You may be surprised at how simple it is to prepare anchovies, sprats, sardines or other small fish to create homemade tapas. In Spain, the most popular variety is Boquerones, (also known as “white anchovies” or Engraulis Encrasicolus). This variety can be found packaged and ready to eat at several specialty shops in San Francisco including The Spanish Table. Preparing local small fish, however, in the traditional manner can be a habit that brings a lifetime of rewards.
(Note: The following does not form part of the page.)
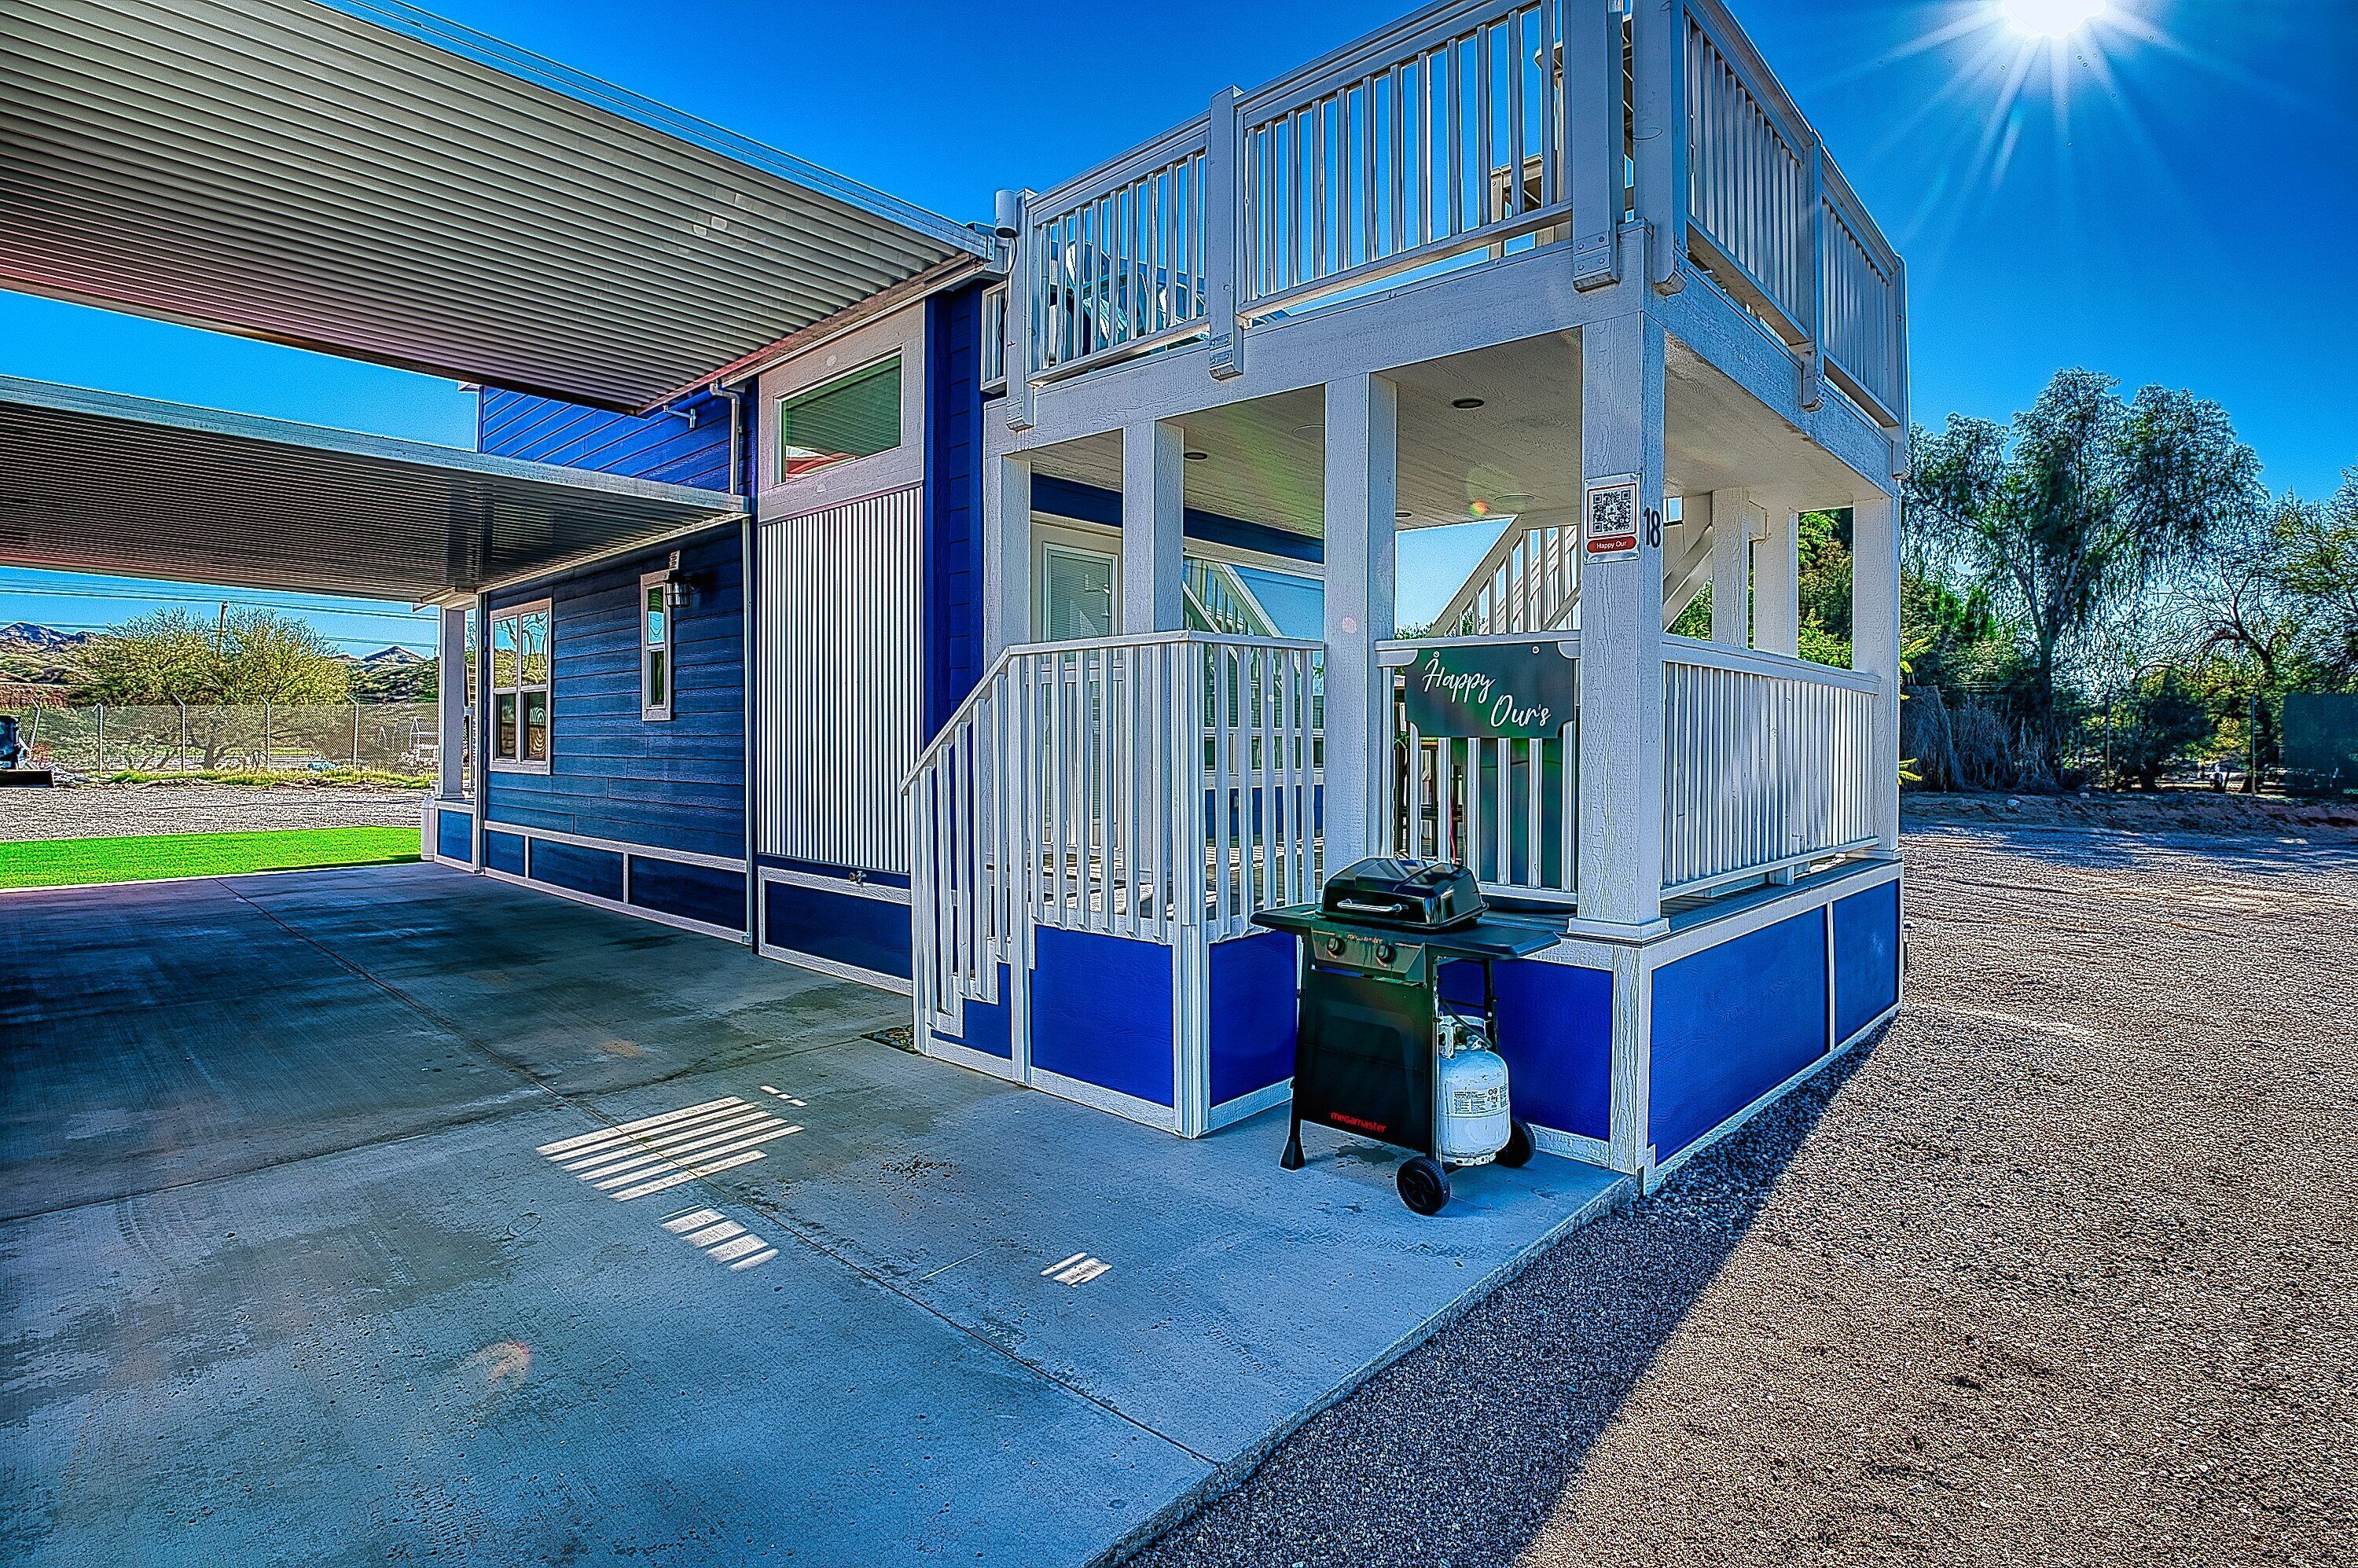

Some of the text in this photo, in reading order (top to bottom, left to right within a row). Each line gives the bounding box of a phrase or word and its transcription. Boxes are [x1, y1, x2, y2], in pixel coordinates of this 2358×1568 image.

First you’ll have to find spme fresh local anchovy, sardine, sprat, herring, or other suitable  small fish. The beauty here is that eating these little fish is not only more sustainable for the oceans, but more healthful for your table. Small non-carnivorous fish are lower on the food chain and thus have accumulated less toxins in their bodies than the bigger fish like Tuna and Salmon. To prepare them as tapas you simply start by making a swift slit along the underside of the belly, discarding the innards, and then removeing the backbone by running your knife under it and lifting it out from the tail-end upwards.

Now, rinse off the deboned fish and leave them overnight in your refrigerator submerged in white wine vinegar. This will clean and bleach the flesh and also soften any remaining bones you may have missed. Changing the vinegar during the night is a nice touch but not absolutely necessary.

The following morning simply pour off the vinegar and place the filets in a shallow bowl submerged in olive oil, sliced garlic and some fresh parsley. They will keep quite well in your refrigerateo for another several days submerged in the oil and when you are ready to serve simply remove them from the oil and top them off with a squeeze of fresh lemon juice, a pinch of (smoked) salt, and a bit of fresh olive oil.


Now they can be presented on the table beside thick wedges of bread or garlic toast and a consortium of accompaniments including heirloom tomato wedges, roasted new potatoes, sheep’s milk cheese, fresh radishes, olives, and pickled onions.